Collected data

[Start of section]

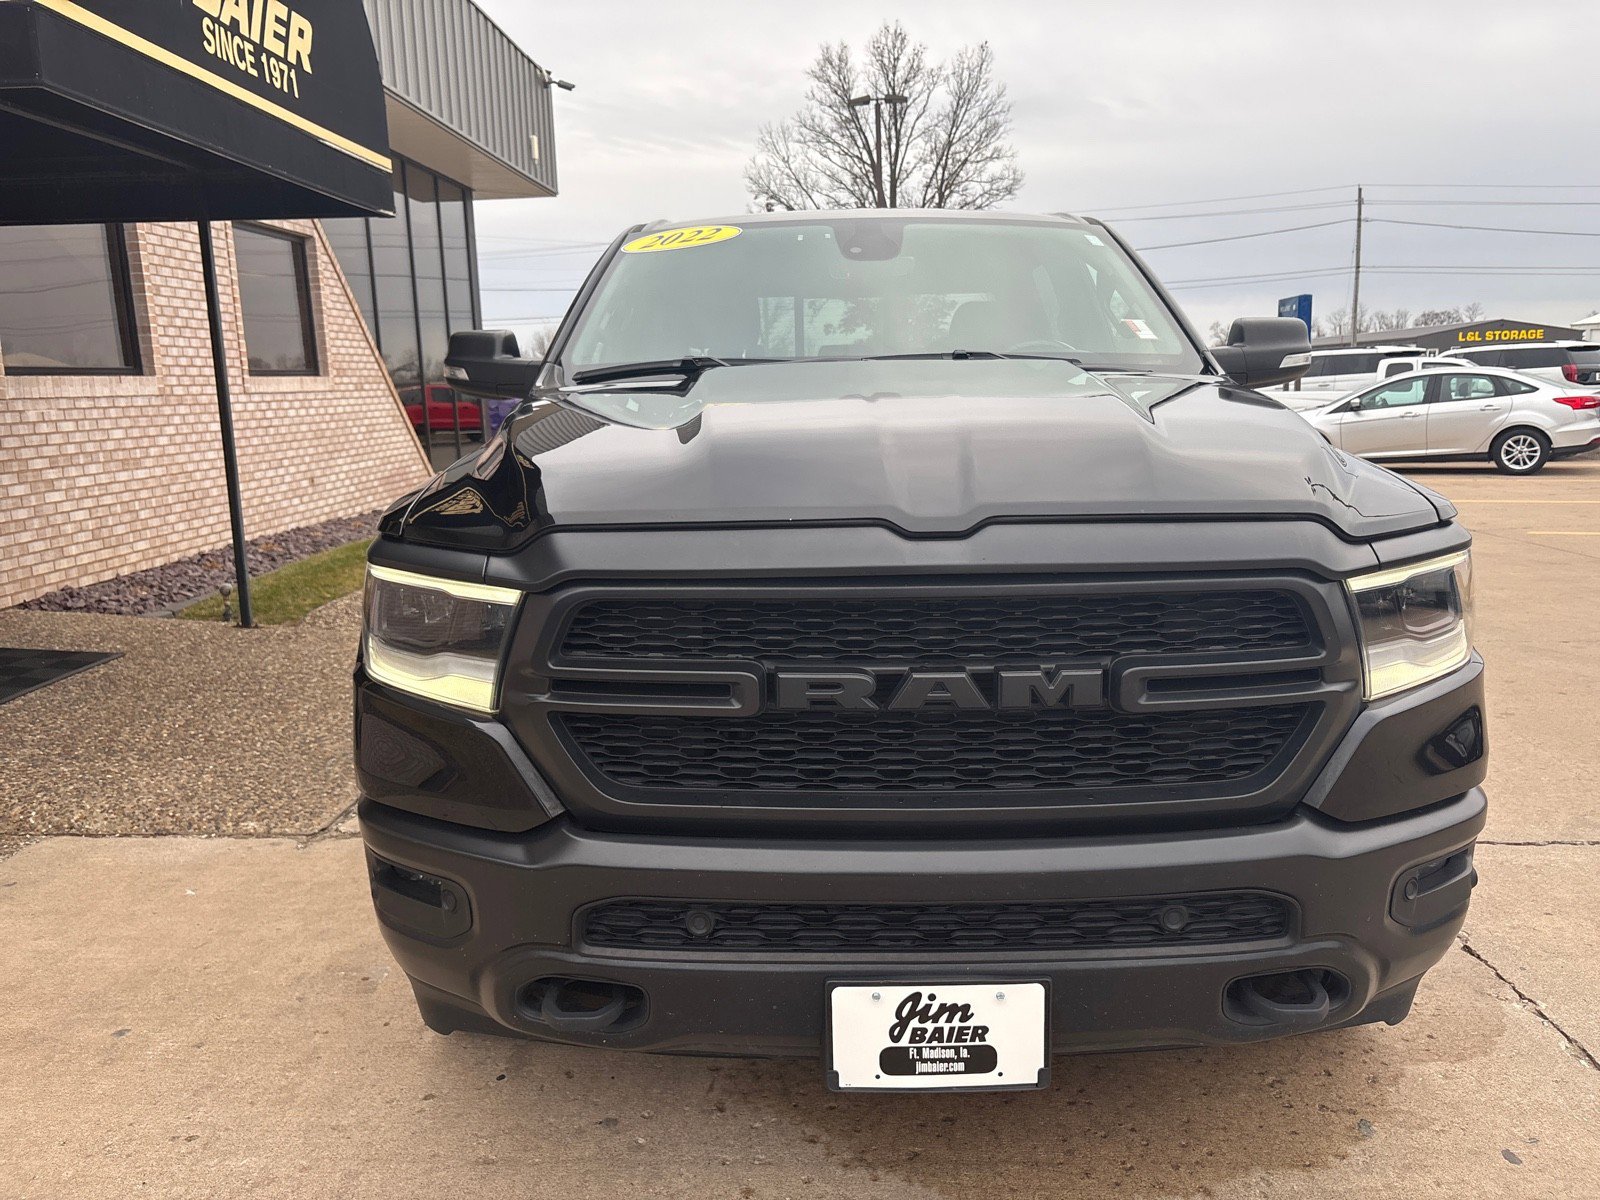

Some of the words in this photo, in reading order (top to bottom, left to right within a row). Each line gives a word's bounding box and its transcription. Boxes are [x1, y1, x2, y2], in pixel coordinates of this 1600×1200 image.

[202, 17, 259, 78] SINCE
[261, 53, 299, 99] 1971
[639, 227, 722, 250] 2022
[1458, 331, 1482, 342] L&L
[1485, 329, 1545, 341] STORAGE
[776, 669, 1104, 711] RAM
[888, 991, 975, 1044] Jim
[908, 1025, 990, 1044] BAIER
[909, 1047, 919, 1060] Ft.
[922, 1047, 957, 1060] Madison,
[915, 1061, 965, 1075] jimbaier.com
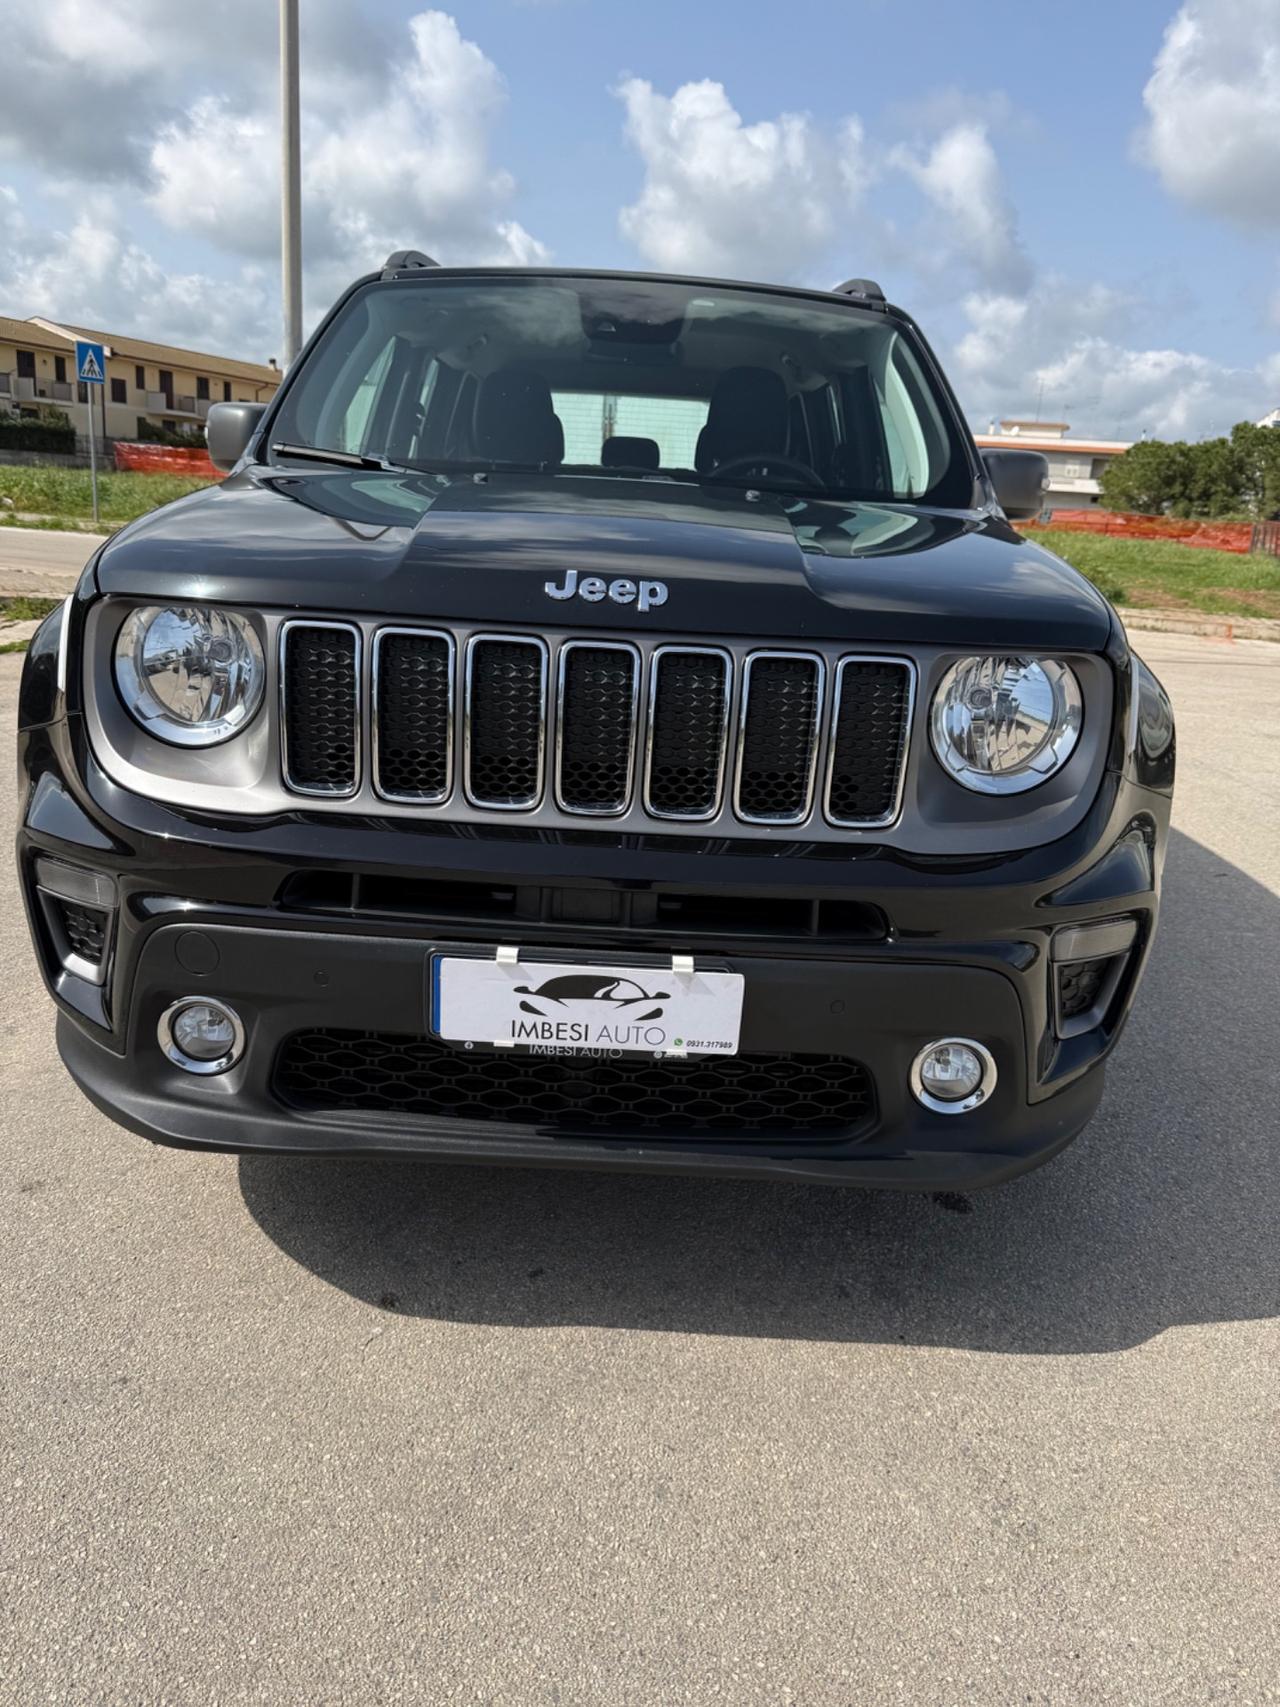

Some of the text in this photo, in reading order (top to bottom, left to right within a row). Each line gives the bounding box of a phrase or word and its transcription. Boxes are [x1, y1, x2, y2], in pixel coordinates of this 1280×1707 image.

[544, 569, 669, 612] Jeep
[511, 1019, 666, 1046] IMBESI AUTO
[528, 1043, 624, 1060] IMBESI AUTO

[End of section]

● Directions for this task
Only the text of the records belongs in the answer; reproduce it verbatim, with no pictures.

● Answer space
Some of the words in this photo, in reading order (top to bottom, left to right within a row). Each line gives a word's bounding box and its transcription. Boxes are [x1, y1, x2, y2], in pixel coordinates of this 1600×1200 image.

[202, 17, 259, 78] SINCE
[261, 53, 299, 99] 1971
[639, 227, 722, 250] 2022
[1458, 331, 1482, 342] L&L
[1485, 329, 1545, 341] STORAGE
[776, 669, 1104, 711] RAM
[888, 991, 975, 1044] Jim
[908, 1025, 990, 1044] BAIER
[909, 1047, 919, 1060] Ft.
[922, 1047, 957, 1060] Madison,
[915, 1061, 965, 1075] jimbaier.com

Some of the text in this photo, in reading order (top to bottom, left to right within a row). Each line gives the bounding box of a phrase or word and its transcription. Boxes are [x1, y1, x2, y2], in pixel coordinates of this 1280×1707 image.

[544, 569, 669, 612] Jeep
[511, 1019, 666, 1046] IMBESI AUTO
[528, 1043, 624, 1060] IMBESI AUTO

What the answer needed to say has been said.